Major Coral Restoration in Florida Keys
NOAA and partners are beginning a three-year effort to outplant more than 60,000 fragments of nursery-raised coral at Eastern Dry Rocks Sanctuary Preservation Area off the coast of Key West, Florida. This is the first large-scale endeavor dedicated to Mission: Iconic Reefs, the unprecedented effort to restore seven coral reefs within Florida Keys National Marine Sanctuary.
Eastern Dry Rocks contains a concentration of bank reef habitats that are ecologically and economically important to the Florida Keys. The elkhorn and staghorn corals that are being transplanted across more than 9 acres include a high number of distinct genetic strains representing the historical diversity found on these reefs, and genotypes that have exhibited the highest survival and growth rates. Practitioner partners that will assist in the outplanting grew the corals in their respective nurseries over six to eight months.

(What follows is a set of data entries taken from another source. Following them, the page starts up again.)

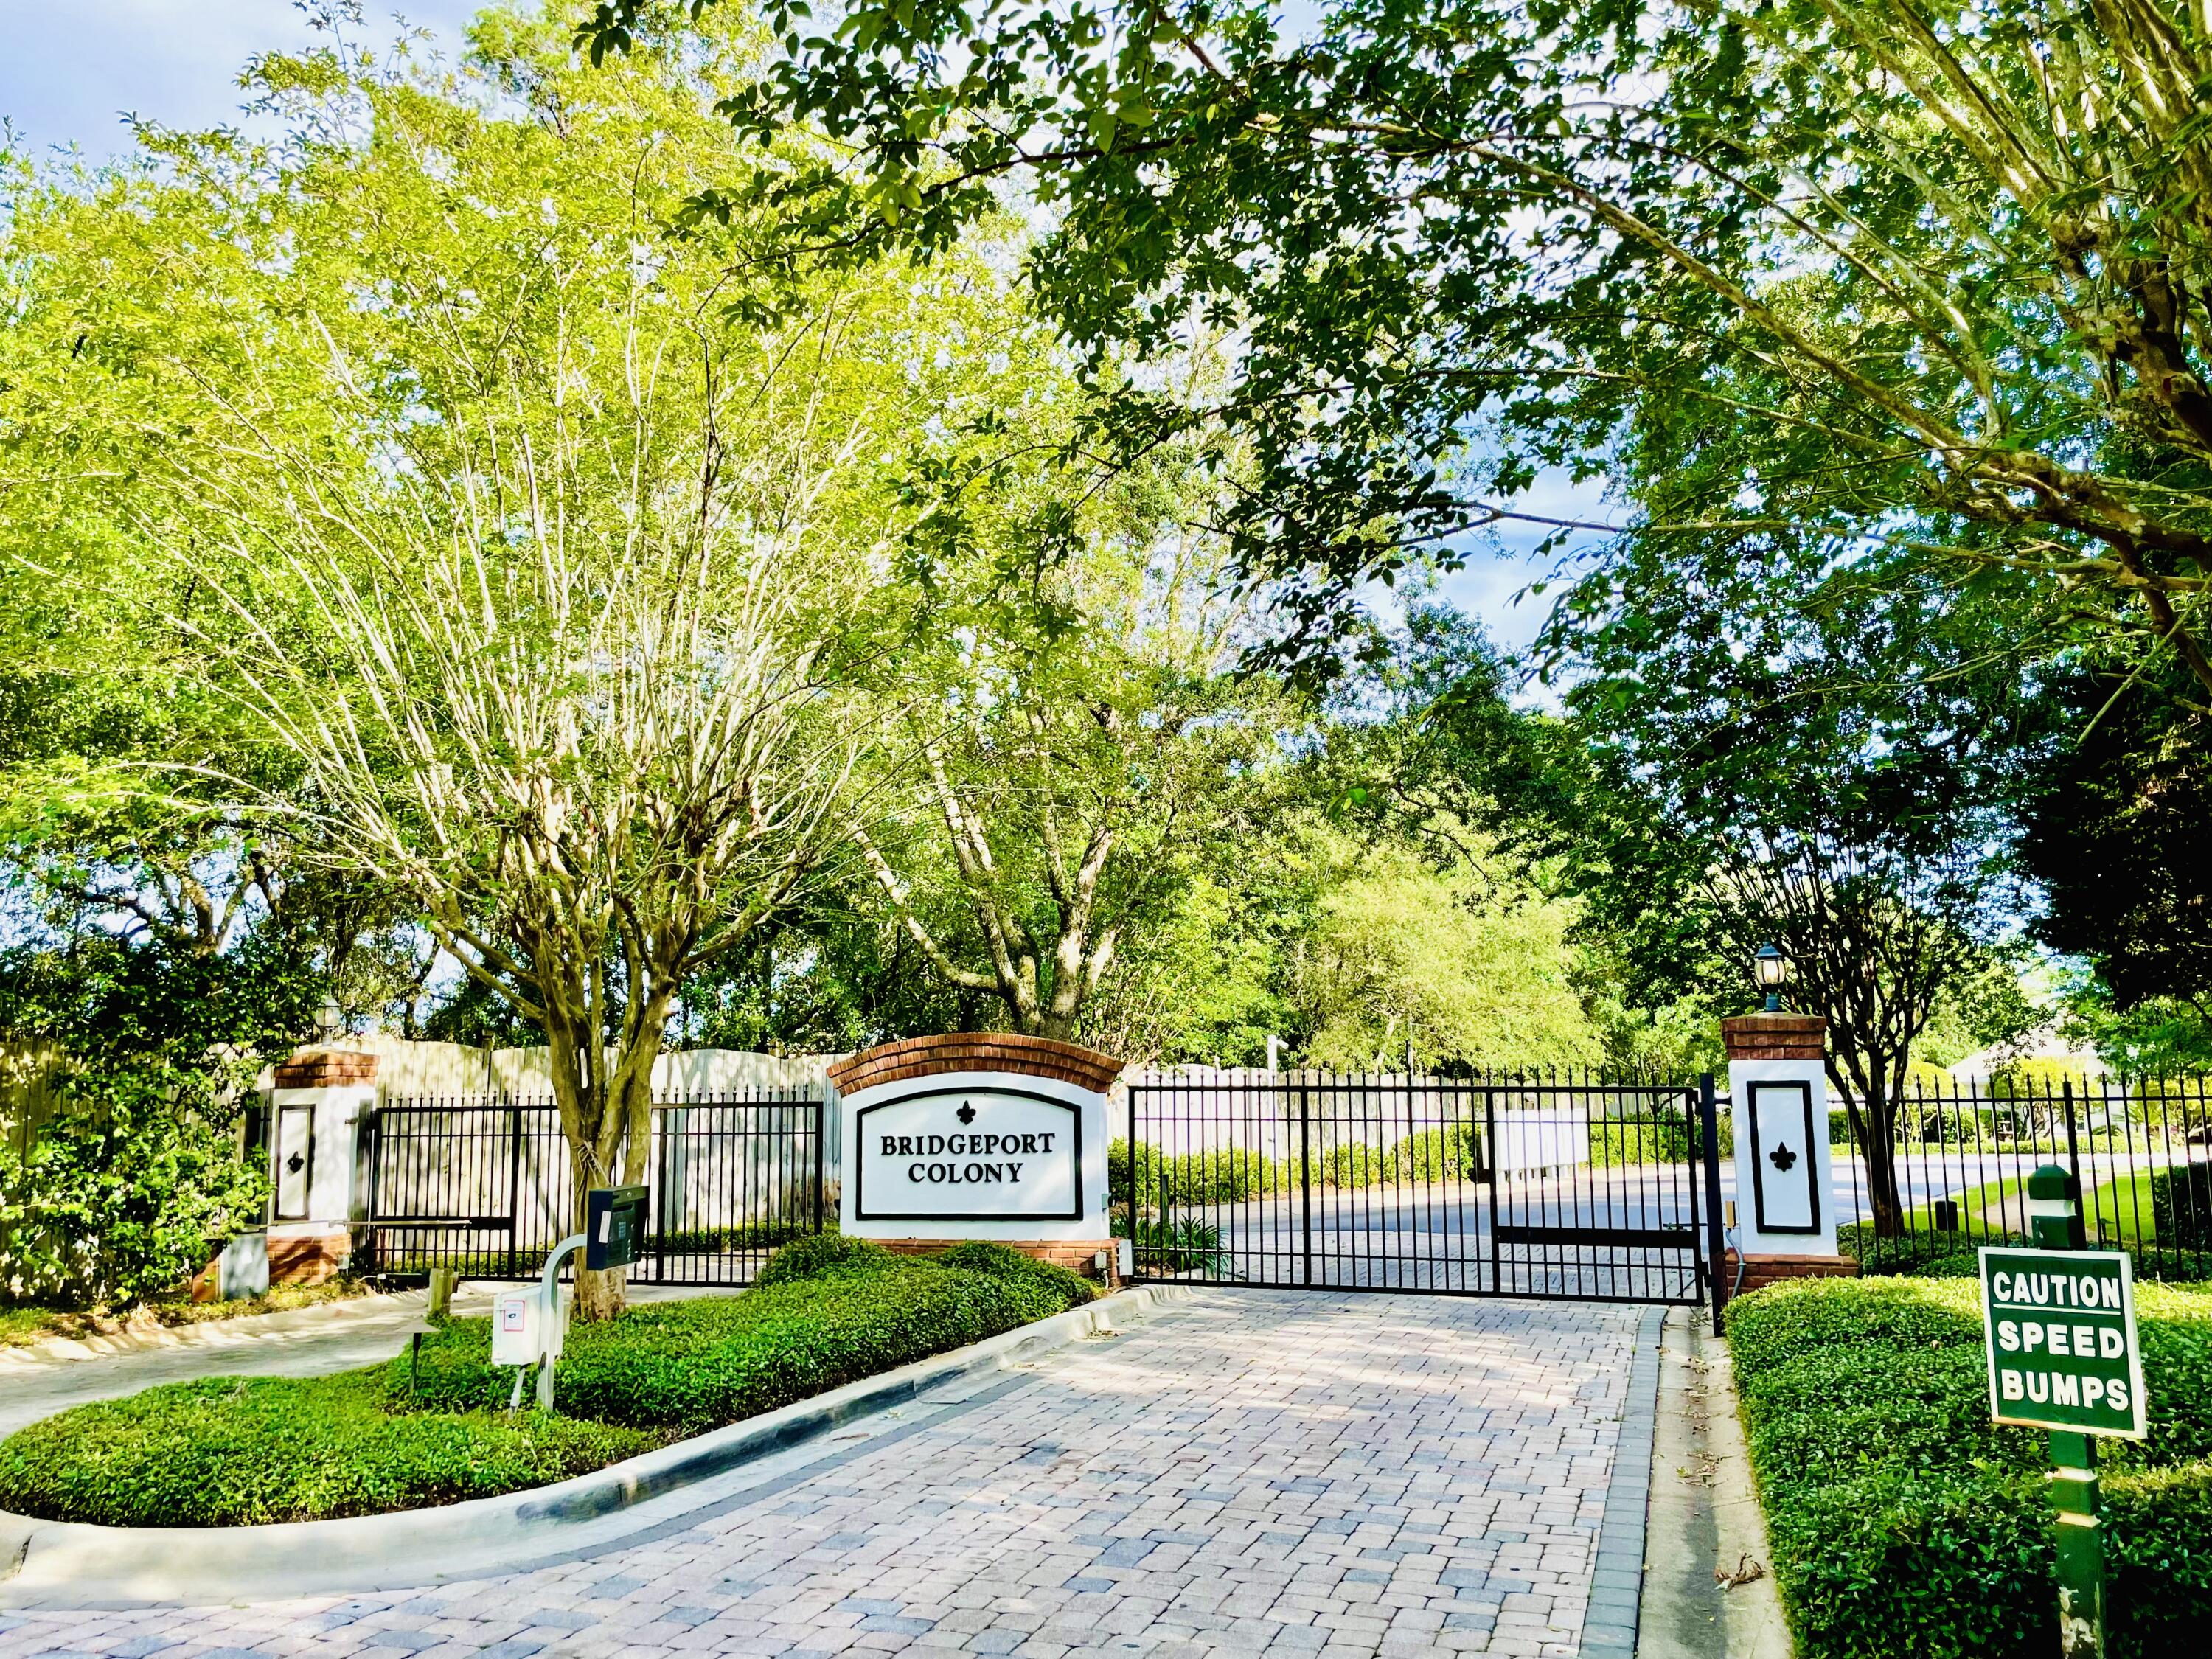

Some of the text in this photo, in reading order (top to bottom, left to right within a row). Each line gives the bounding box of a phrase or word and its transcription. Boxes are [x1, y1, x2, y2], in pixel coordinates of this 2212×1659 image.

[880, 1133, 1056, 1156] BRIDGEPORT
[908, 1162, 1024, 1184] COLONY
[1993, 1271, 2121, 1309] CAUTION
[1997, 1320, 2124, 1360] SPEED
[2000, 1368, 2129, 1411] BUMPS
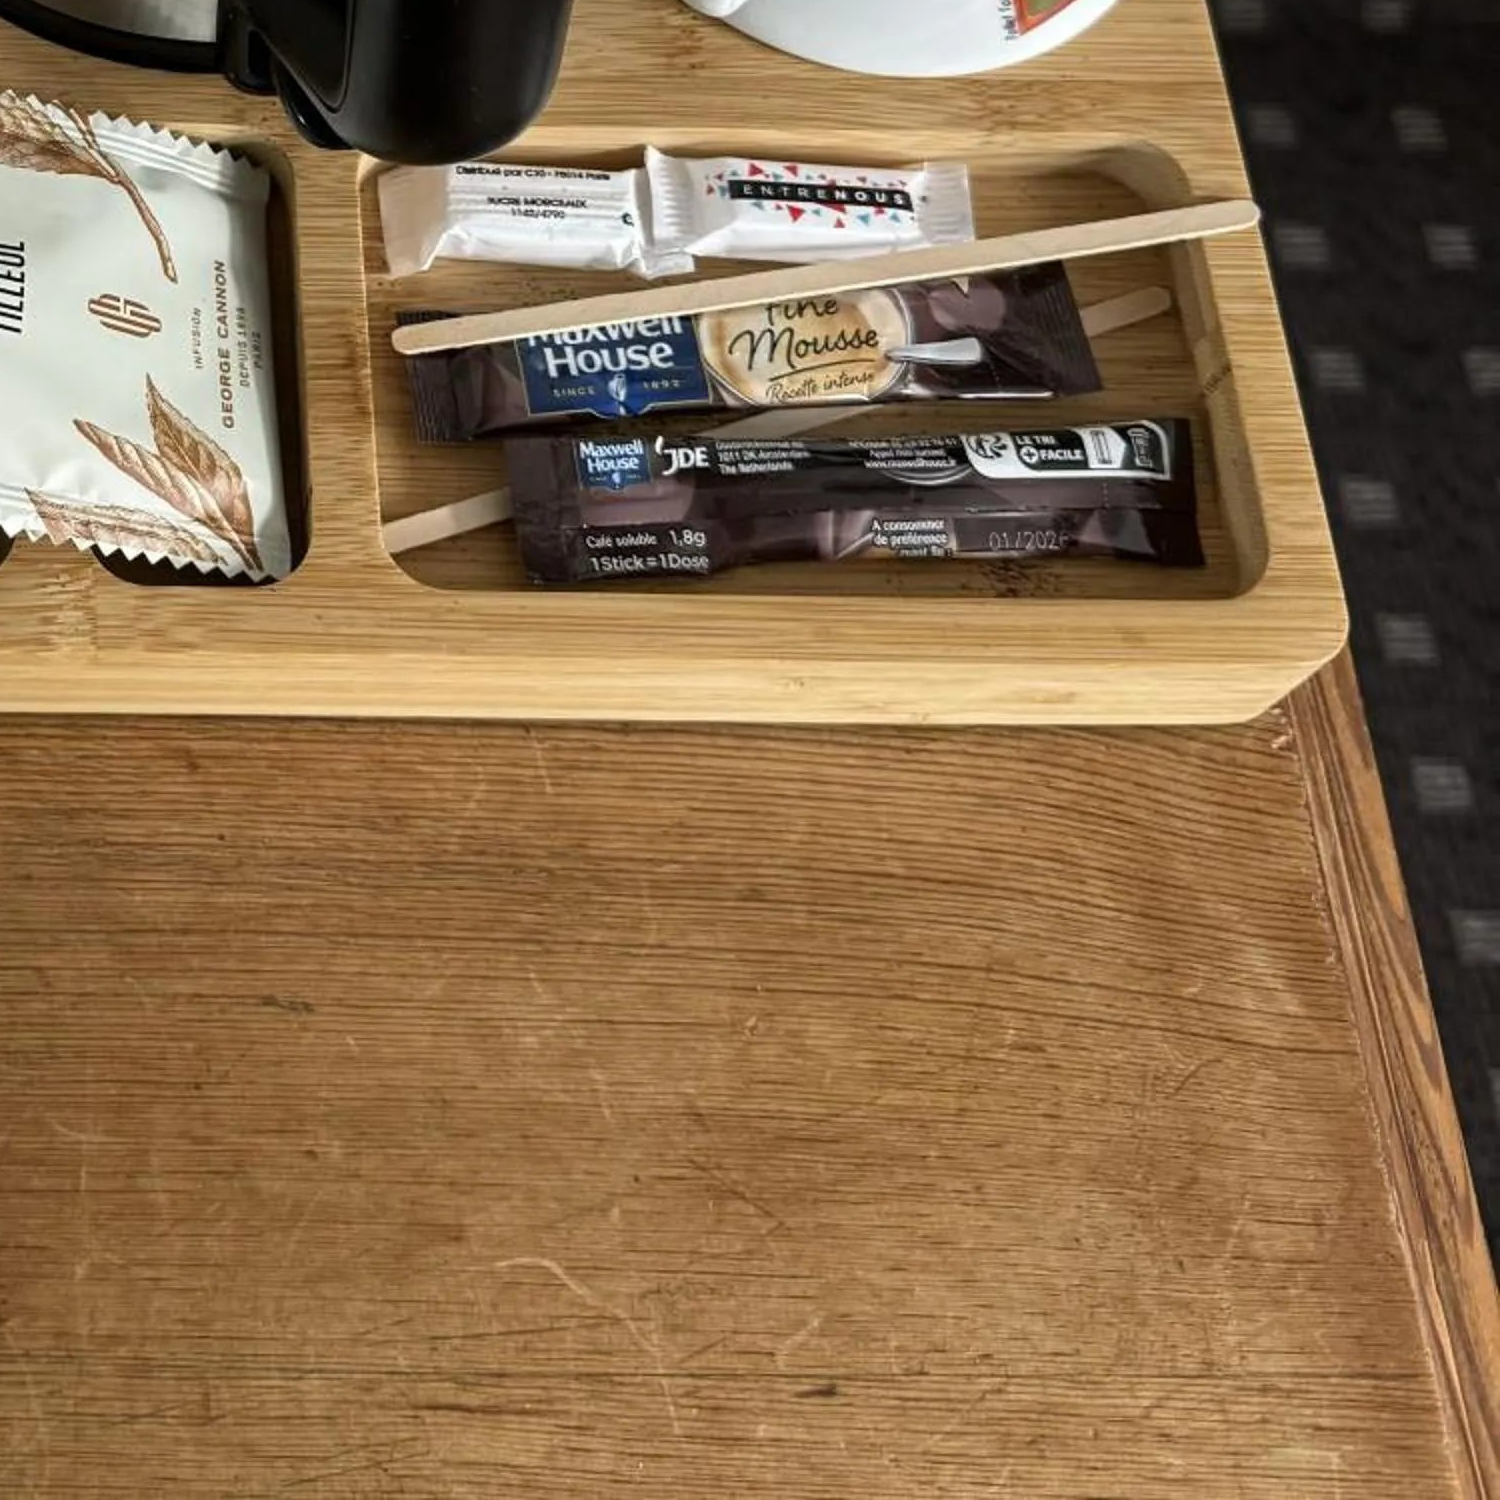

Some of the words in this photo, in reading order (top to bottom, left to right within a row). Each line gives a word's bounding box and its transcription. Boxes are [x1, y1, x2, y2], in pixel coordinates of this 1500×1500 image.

[214, 260, 229, 339] CANNON
[192, 307, 204, 369] INFUSION
[728, 327, 880, 371] Mousse
[543, 341, 675, 378] House
[218, 347, 235, 429] GEORGE
[553, 386, 596, 398] SINCE
[579, 438, 644, 458] Maxwell
[1041, 449, 1084, 461] FACILE
[587, 455, 640, 472] House
[616, 533, 657, 547] soluble
[669, 529, 706, 547] 1,8g
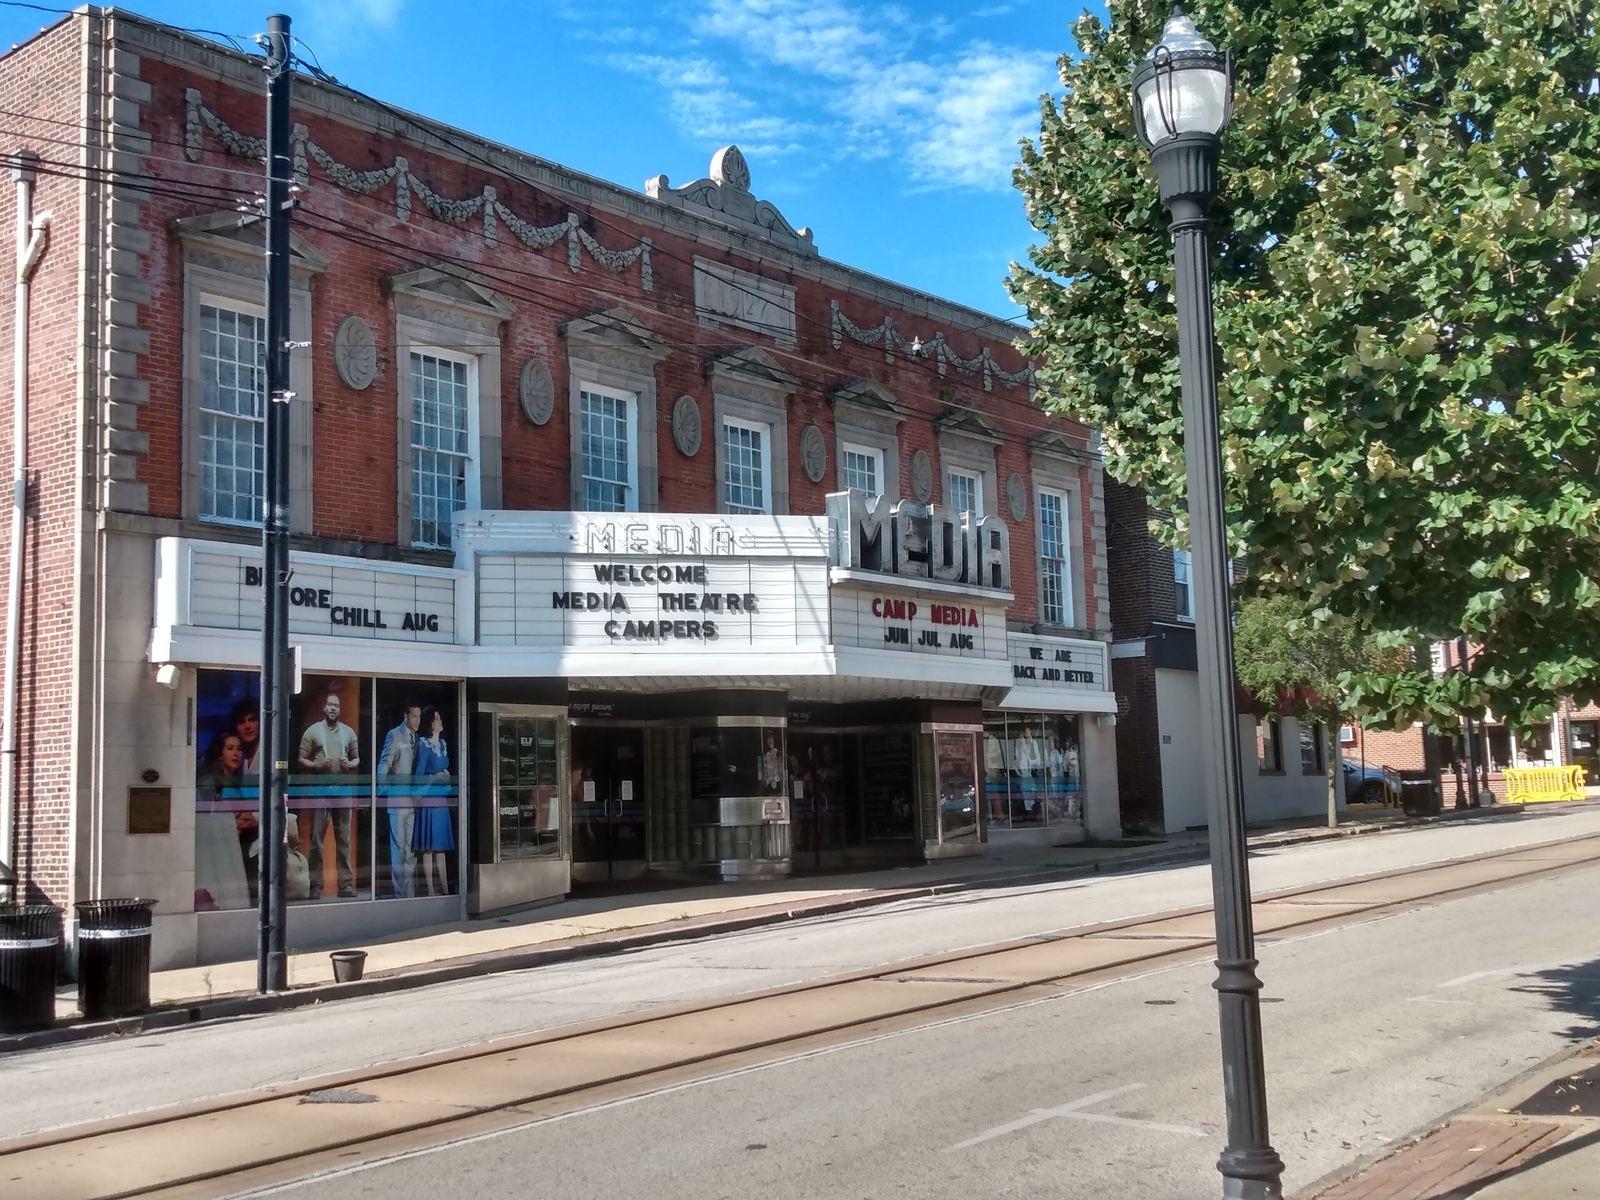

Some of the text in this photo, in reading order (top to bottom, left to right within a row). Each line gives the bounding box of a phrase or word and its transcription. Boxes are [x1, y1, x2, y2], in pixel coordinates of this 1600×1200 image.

NOAA and the National Fish and Wildlife Foundation awarded a $5 million grant through the National Coastal Resilience Fund to the National Marine Sanctuary Foundation, in partnership with Mote Marine Laboratory & Aquarium and Coral Restoration Foundation to restore Eastern Dry Rocks. The grant is the largest one-time investment since the initiative was announced in December 2019.